The Department of Health and Social Care has announced £421 million of funding to combat drug and alcohol misuse.
The funding will go to local authorities across England to improve drug and alcohol addiction treatment and recovery.
The funding should enable the creation of over 50,000 high-quality places in drug and alcohol treatment.
The announcement means that local authorities will be able to recruit more staff to work with people with drug and alcohol problems, support more prison leavers into treatment and recovery services, and invest in enhancing the quality of treatment they provide.
151 local authorities will be allocated funding.
Health and Social Care Secretary Steve Barclay said: "Drug misuse has a massive cost to society – more than 3,000 people died as a result of drug misuse in 2021.
"This investment in treatment and recovery services is crucial to provide people with high-quality support, with services such expanding access to life-saving overdose medicines and outreach to young people at risk of drug misuse already helping to reduce harm and improve recovery.
"This funding will help us build a much improved treatment and recovery service which will continue to save lives, improve the health and wellbeing of people across the country, and reduce pressure on the NHS by diverting people from addiction into recovery."
Previous recipients of funding include a Leeds plan to target unmet need from groups with greatest social and economic deprivation with the poorest health outcomes, and a Lambeth plan to recruit additional nurses to ease frontline pressures on the substance misuse service, develop a nurse led outreach prescribing service for residents in the Vulnerable Adults Pathway, and offer one-to-one support for offenders referred via the local HMPPS Chemsex and Crime Lead this year.

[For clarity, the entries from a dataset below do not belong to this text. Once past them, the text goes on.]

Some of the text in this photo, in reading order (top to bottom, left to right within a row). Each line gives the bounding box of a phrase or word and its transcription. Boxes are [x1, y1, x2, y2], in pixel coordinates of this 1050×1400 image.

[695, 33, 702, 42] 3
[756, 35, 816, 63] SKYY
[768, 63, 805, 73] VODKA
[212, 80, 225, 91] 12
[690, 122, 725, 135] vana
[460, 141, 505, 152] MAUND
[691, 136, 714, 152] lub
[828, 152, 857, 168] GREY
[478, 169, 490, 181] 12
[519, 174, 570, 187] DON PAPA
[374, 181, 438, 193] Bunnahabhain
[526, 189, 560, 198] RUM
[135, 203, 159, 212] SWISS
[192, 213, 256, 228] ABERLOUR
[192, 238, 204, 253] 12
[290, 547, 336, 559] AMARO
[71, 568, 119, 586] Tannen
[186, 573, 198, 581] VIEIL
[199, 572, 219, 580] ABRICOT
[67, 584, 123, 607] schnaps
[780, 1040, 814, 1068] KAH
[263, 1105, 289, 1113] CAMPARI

Danny Hames and Kate Hall, chair and vice-chair of the NHS Addictions Provider Alliance, said: "The NHS APA welcomes this further commitment to investment in England’s drug treatment system as part of the 10-year drug strategy.

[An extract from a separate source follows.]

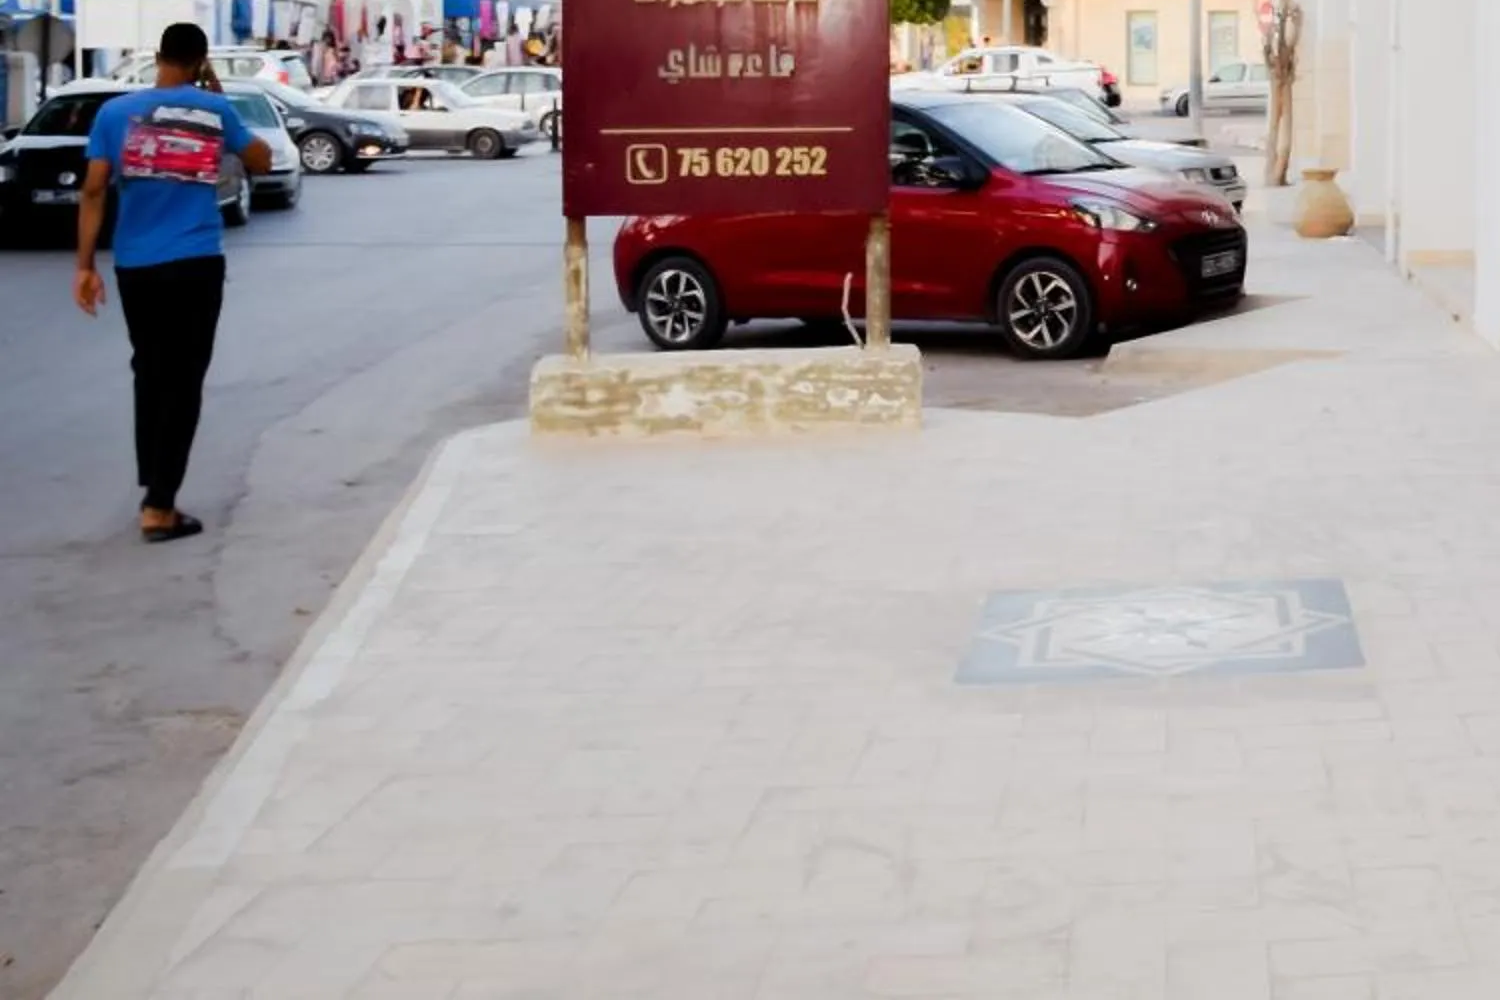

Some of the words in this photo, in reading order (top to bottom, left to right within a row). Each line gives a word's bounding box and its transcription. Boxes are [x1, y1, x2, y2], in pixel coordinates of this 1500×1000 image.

"We hope that the additional £421 million funding allocated to local authorities across England will be utilised to shape a joined-up system that ensures everyone in need has equal access to high-quality care.
"This cannot be achieved without partnership work across the sector, something that we are committed to doing as an alliance of NHS Trusts, in a continued effort to reduce the rising number of drug-related deaths seen annually and positively change the lives of thousands of people."